Die Anzeichen verdichten sich, dass es Nicolo Tresoldi von Club Brügge zur AS Rom zieht. Transfer-Experte Sacha Tavolieri zufolge bemüht sich der Serie-A-Klub intensiv um die Dienste des deutschen Mittelstürmers. Ein 35-Millionen-Euro-Angebot soll Brügge zwar schon abgelehnt haben, die Giallorossi drücken aber weiter aufs Gaspedal.

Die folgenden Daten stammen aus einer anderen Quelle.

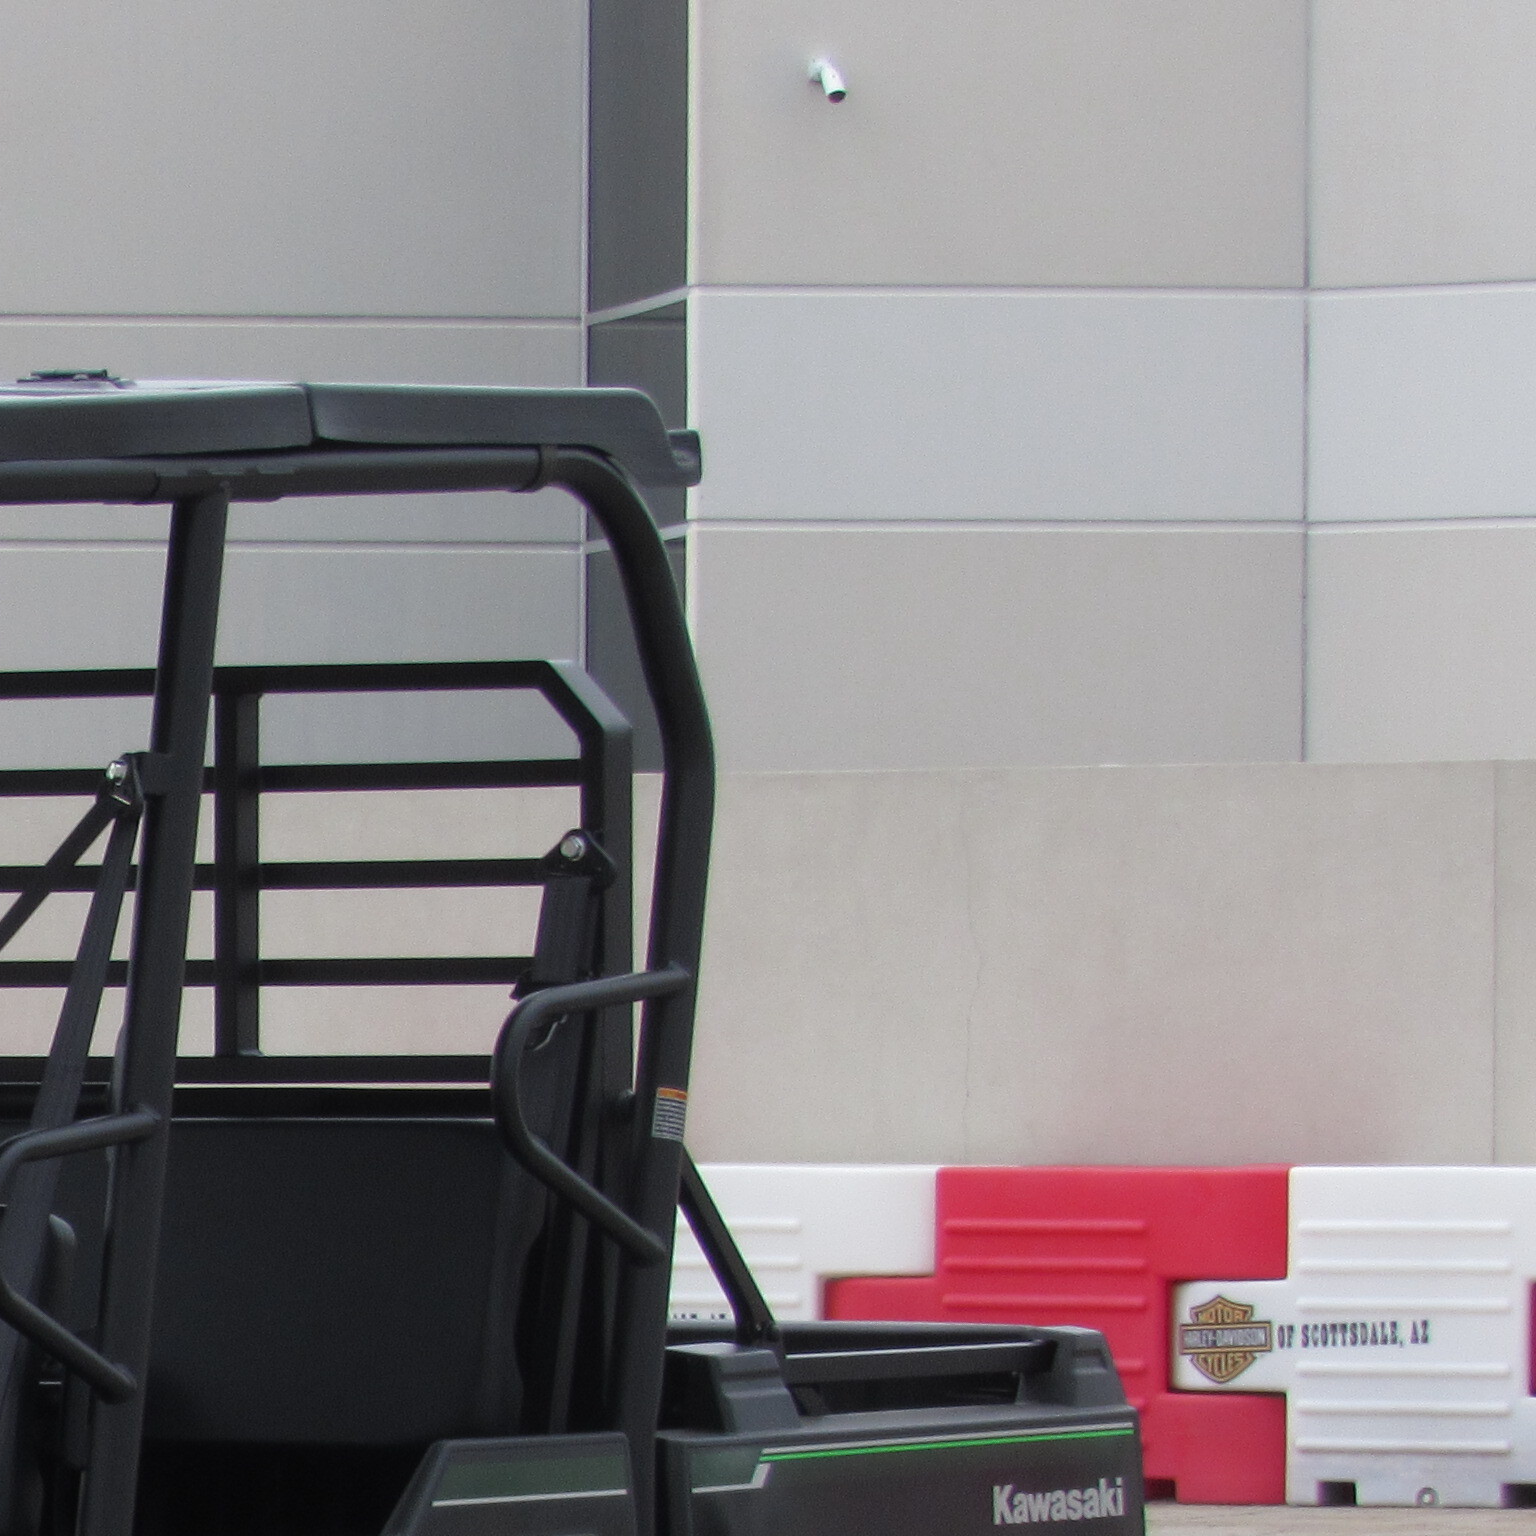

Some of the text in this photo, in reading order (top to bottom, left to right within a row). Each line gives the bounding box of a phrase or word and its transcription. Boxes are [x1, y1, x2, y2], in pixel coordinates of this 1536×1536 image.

[1278, 1324, 1294, 1348] OF
[1411, 1320, 1429, 1344] AZ
[992, 1477, 1125, 1525] Kawasaki
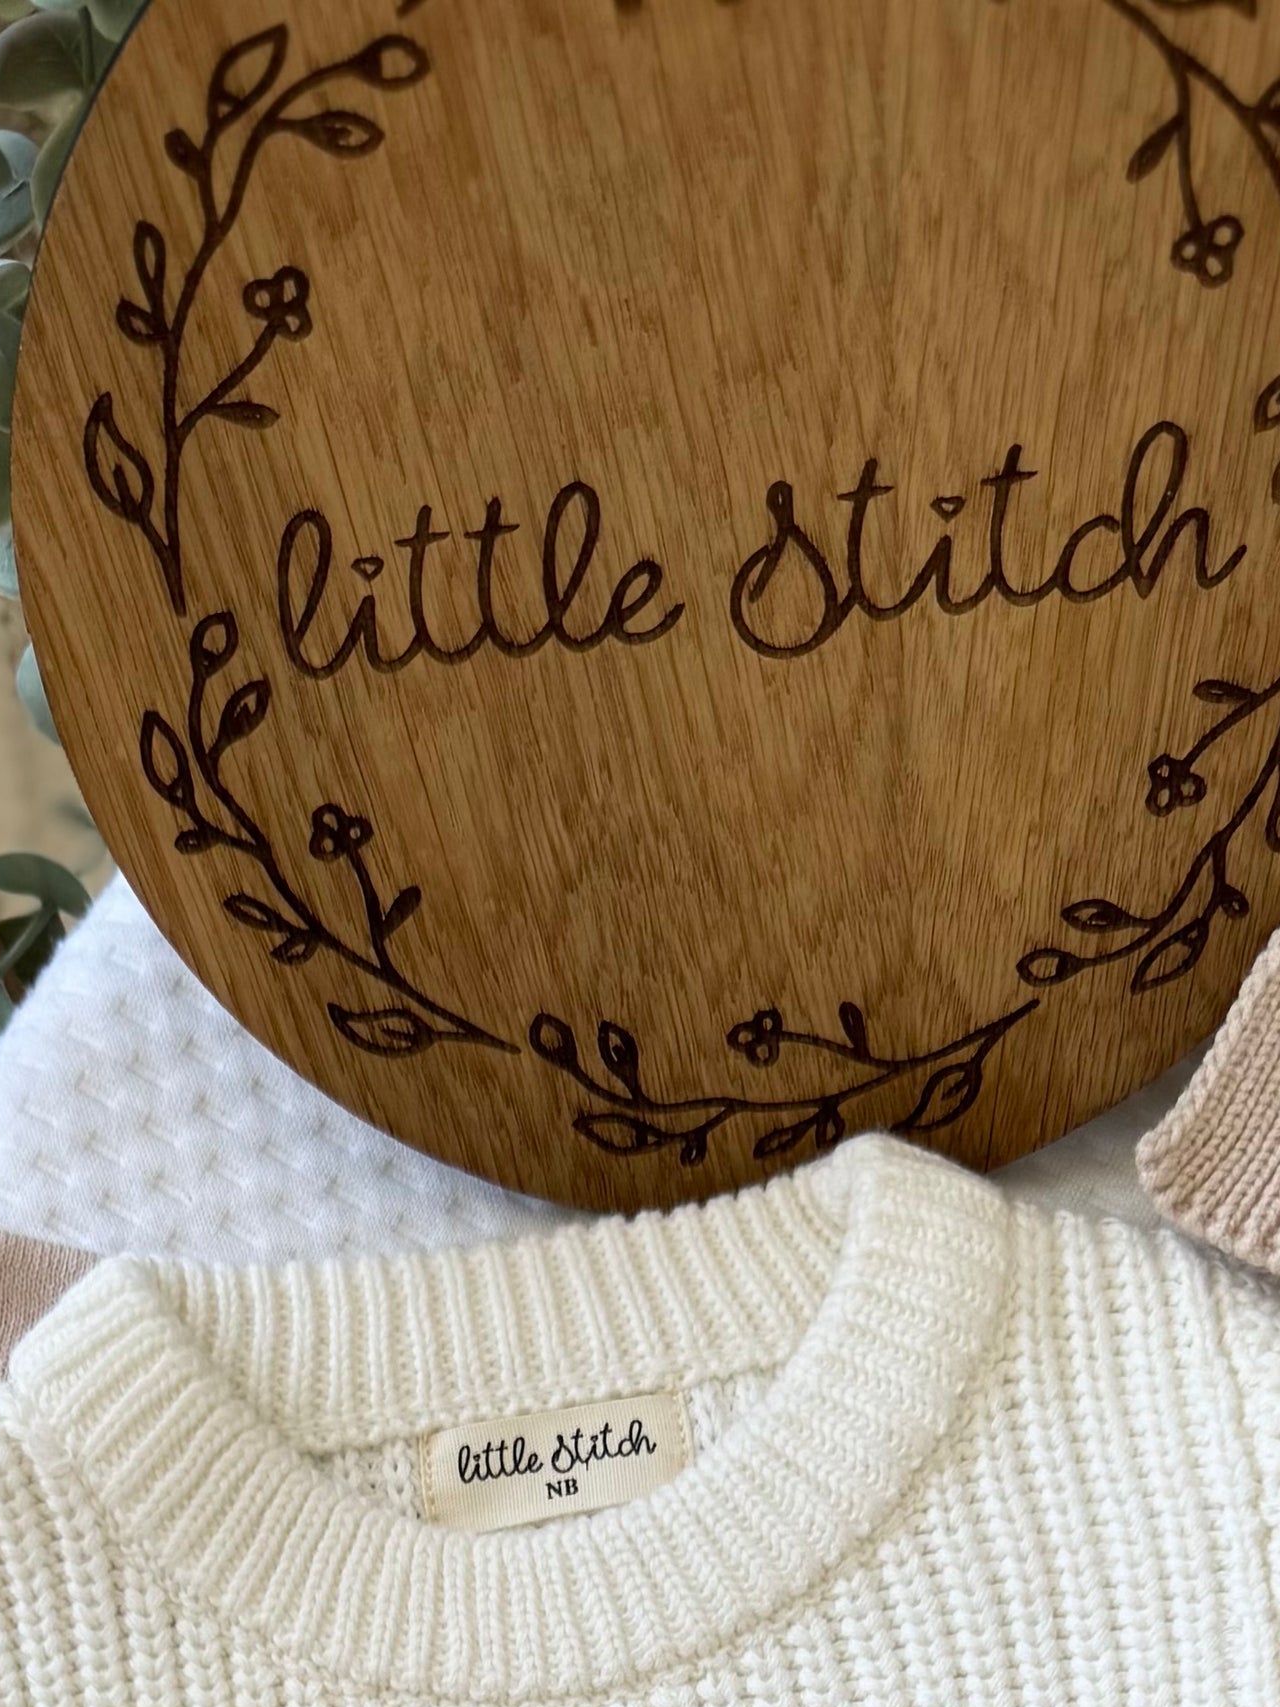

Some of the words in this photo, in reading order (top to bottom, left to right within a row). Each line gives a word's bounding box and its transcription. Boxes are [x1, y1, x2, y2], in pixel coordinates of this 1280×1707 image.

[276, 480, 686, 681] little
[458, 1436, 544, 1484] little
[545, 1477, 580, 1501] NB

Der belgische Klub möchte Tresoldi eigentlich nicht abgeben, jedoch ist die Roma bemüht, die Verantwortlichen umzustimmen. Dabei könnte ihnen in die Karten spielen, dass sich der eigentlich noch bis 2029 gebundene Tresoldi einen Wechsel in die italienische Hauptstadt wohl sehr gut vorstellen kann – behauptet zumindest der belgische Transferexperte, der zuletzt mit seinen Infos nicht immer richtig lag.
Tresoldi gilt als Wunschspieler von Ole Book
Für den BVB wäre ein Tresoldi-Wechsel keine erfreuliche Nachricht. Tresoldi soll schließlich laut Informationen von Sky einer der absoluten Wunschspieler von BVB-Sportdirektor Ole Book sein. Es ist ein offenes Geheimnis, dass Book den jungen Angreifer gerne nach Dortmund lotsen würde. Inwiefern ein Deal in diesem Sommer aber überhaupt realistisch wäre, lässt sich schwer sagen. Serhou Guirassy wird aller Voraussicht nach beim BVB bleiben, weshalb ein weiterer teurer Stürmer kaum in die Transferpläne passen würde.

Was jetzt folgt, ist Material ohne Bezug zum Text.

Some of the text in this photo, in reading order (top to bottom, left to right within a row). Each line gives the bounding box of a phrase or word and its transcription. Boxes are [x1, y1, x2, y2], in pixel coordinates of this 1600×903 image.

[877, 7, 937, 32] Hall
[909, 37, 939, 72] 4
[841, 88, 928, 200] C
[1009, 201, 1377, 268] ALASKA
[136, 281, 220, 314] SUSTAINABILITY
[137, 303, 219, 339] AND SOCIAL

Zur Wahrheit gehört allerdings auch, dass Guirassy wahrscheinlich nicht mehr ewig für den BVB kicken wird. Demnach könnte Tresoldi ein sehr spannender Kandidat für den Sommer 2027 sein. Sollte die Roma in diesem Sommer allerdings den Zuschlag bekommen, wäre der Book-Wunschspieler im Normalfall 2027 nicht mehr verfügbar.
Tresoldi verpasste WM-Nominierung nur knapp
Tresoldi hat in der abgelaufenen Saison wettbewerbsübergreifend 23 Tore erzielt und neun Treffer vorbereitet. Laut Spiegel-Informationen wäre der 21-Jährige beinahe für den deutschen WM-Kader nominiert worden. Letztlich bekam aber doch der eher formschwache Nick Woltemade das Ticket. Trotz allem dürfte Tresoldi in der Klopp-Ära eine größere Rolle spielen. Selbstredend wäre es für den jungen Stürmer aber von Vorteil, wenn sein nächster Wechsel sitzt.